Hive has different forms of Hive Data Storage options, they are explained below.

1. Metastore

* It is the central repository (location where data is stored and managed) of hive metadata.

* It stores metadata of hive tables like their schema and location.

* Hive Metastore keeps track of all the metadata of database, tables, columns, data types etc.

* It also keeps track of HDFS mapping i.e it keep track of data where it stored in network.

* Client can access schema and location information using metastore service API.

2. Tables

* Hive tables are same as the tables present in a Relational Database.

* The hive tables are made up of logically related data and layout of data stored in metadata.

* It is used to perform filter, project, join and union operations on tables.

* Hive has two types of tables.
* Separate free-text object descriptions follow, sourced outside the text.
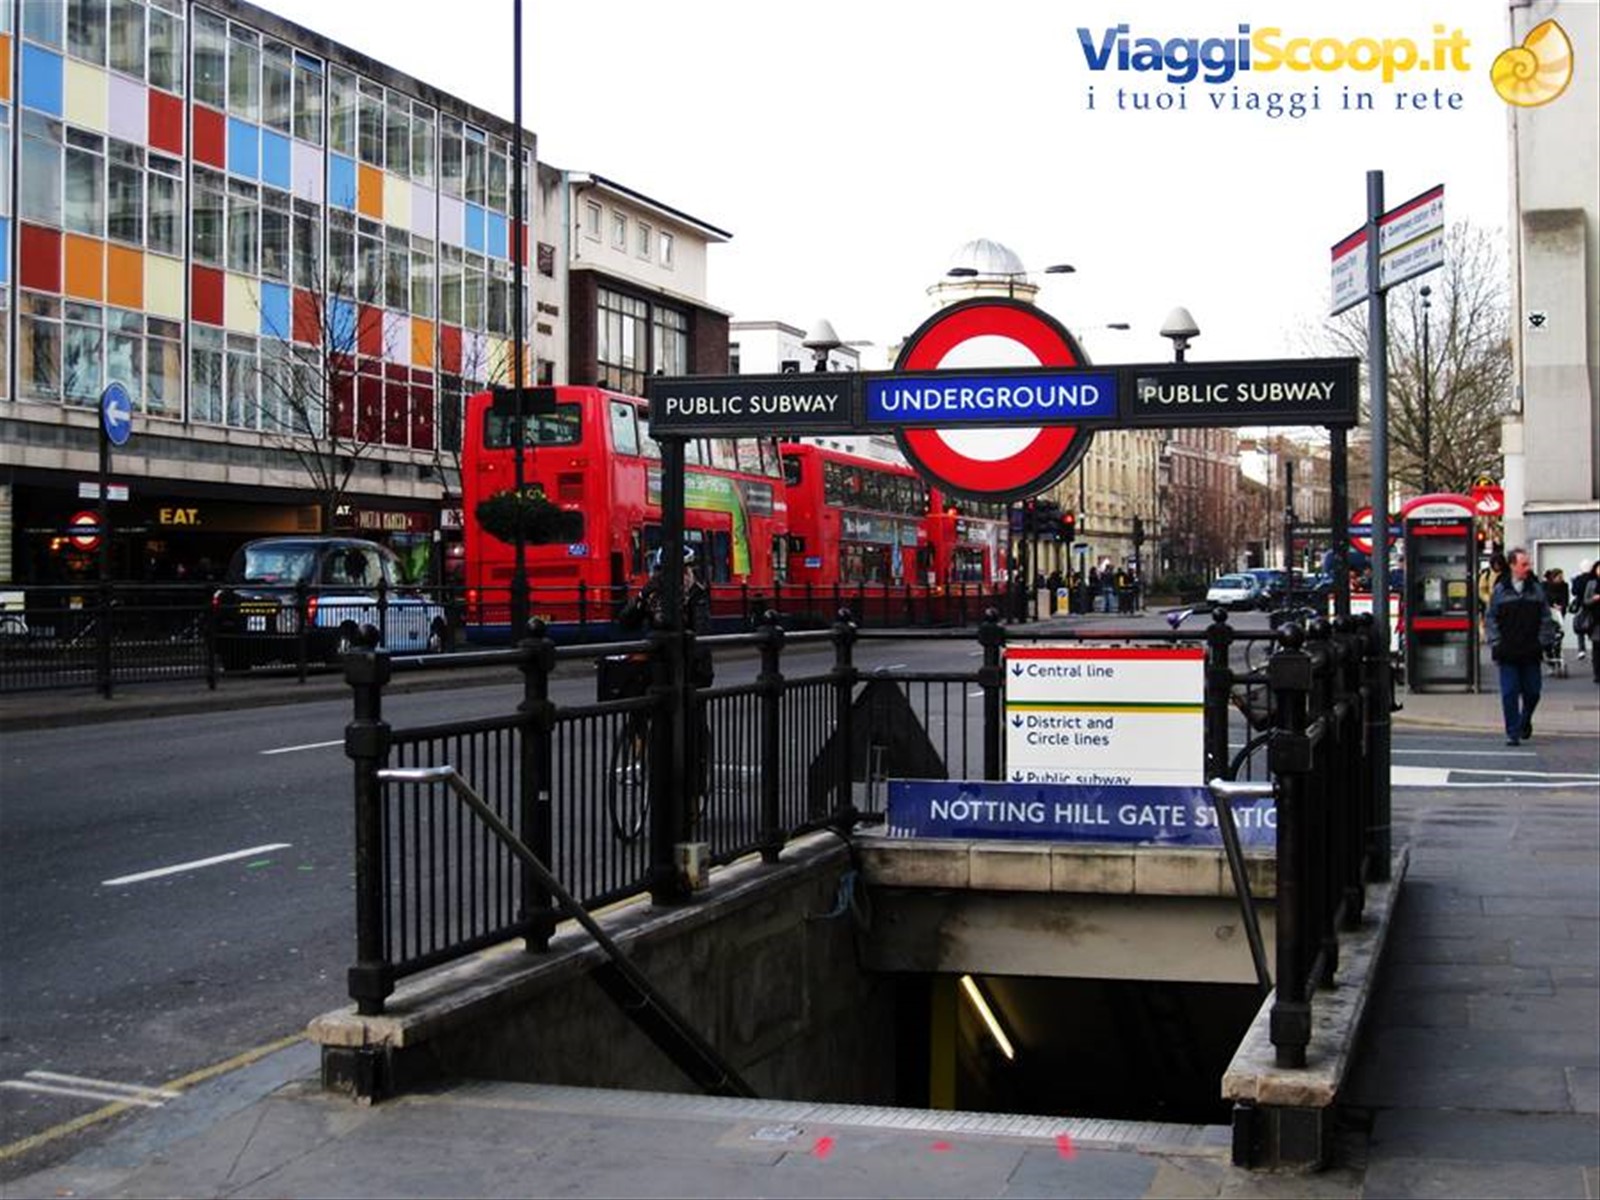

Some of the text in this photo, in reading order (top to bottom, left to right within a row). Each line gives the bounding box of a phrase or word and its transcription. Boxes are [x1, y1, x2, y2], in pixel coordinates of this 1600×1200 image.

[880, 383, 1100, 412] UNDERGROUND
[1143, 381, 1336, 404] PUBLIC SUBWAY
[666, 394, 839, 415] PUBLIC SUBWAY
[159, 507, 202, 525] EAT.
[1027, 663, 1114, 678] Central line
[1026, 715, 1114, 730] District and
[1026, 732, 1110, 746] Circle lines
[1027, 771, 1131, 786] Public subway
[930, 799, 1046, 824] NOTTING
[1054, 803, 1110, 825] HILL
[1118, 804, 1186, 827] GATE
They are,

  1. Internal table (Managed table)
  2. External table
Internal table
  • It is also called as managed table.
  • When internal table is created by default data stores in warehouse directory(Internal table is briefly explained in hive commands topic).
  • Data loss problem is there with internal table.
  • Global usage is not there.
External table
  • When external table is created data stores outside the warehouse directory(External table is briefly explained in hive commands topic).
  • Data loss problem is not there.
  • Global usage is there.

Note: The difference between the two types of tables is that when the external table is deleted its data is not deleted. Its data is stored in the HDFS whereas in case of internal table the data also gets deleted on deleting the table.

3. Partitions

* It is a method of seperating a table into related parts based on the columns values like date, city, and department.

* Partitioned data stored in different sub directory is shown in below diagram.

* It improves query performance.

* It is very easy to do queries on partition table.

4. Buckets

* Hive partition separates table into number of partitions and these partitions can be further subdivided into more manageable parts known as Buckets.

* It speeds up joins and sampling of data.

* Bucketing concept is based on Hash function.

* It supports testing and debugging on huge data set.

Conclusion

From the above topic we can conclude that hive uses different data sources like table, metastore, partition , and buckets to store data.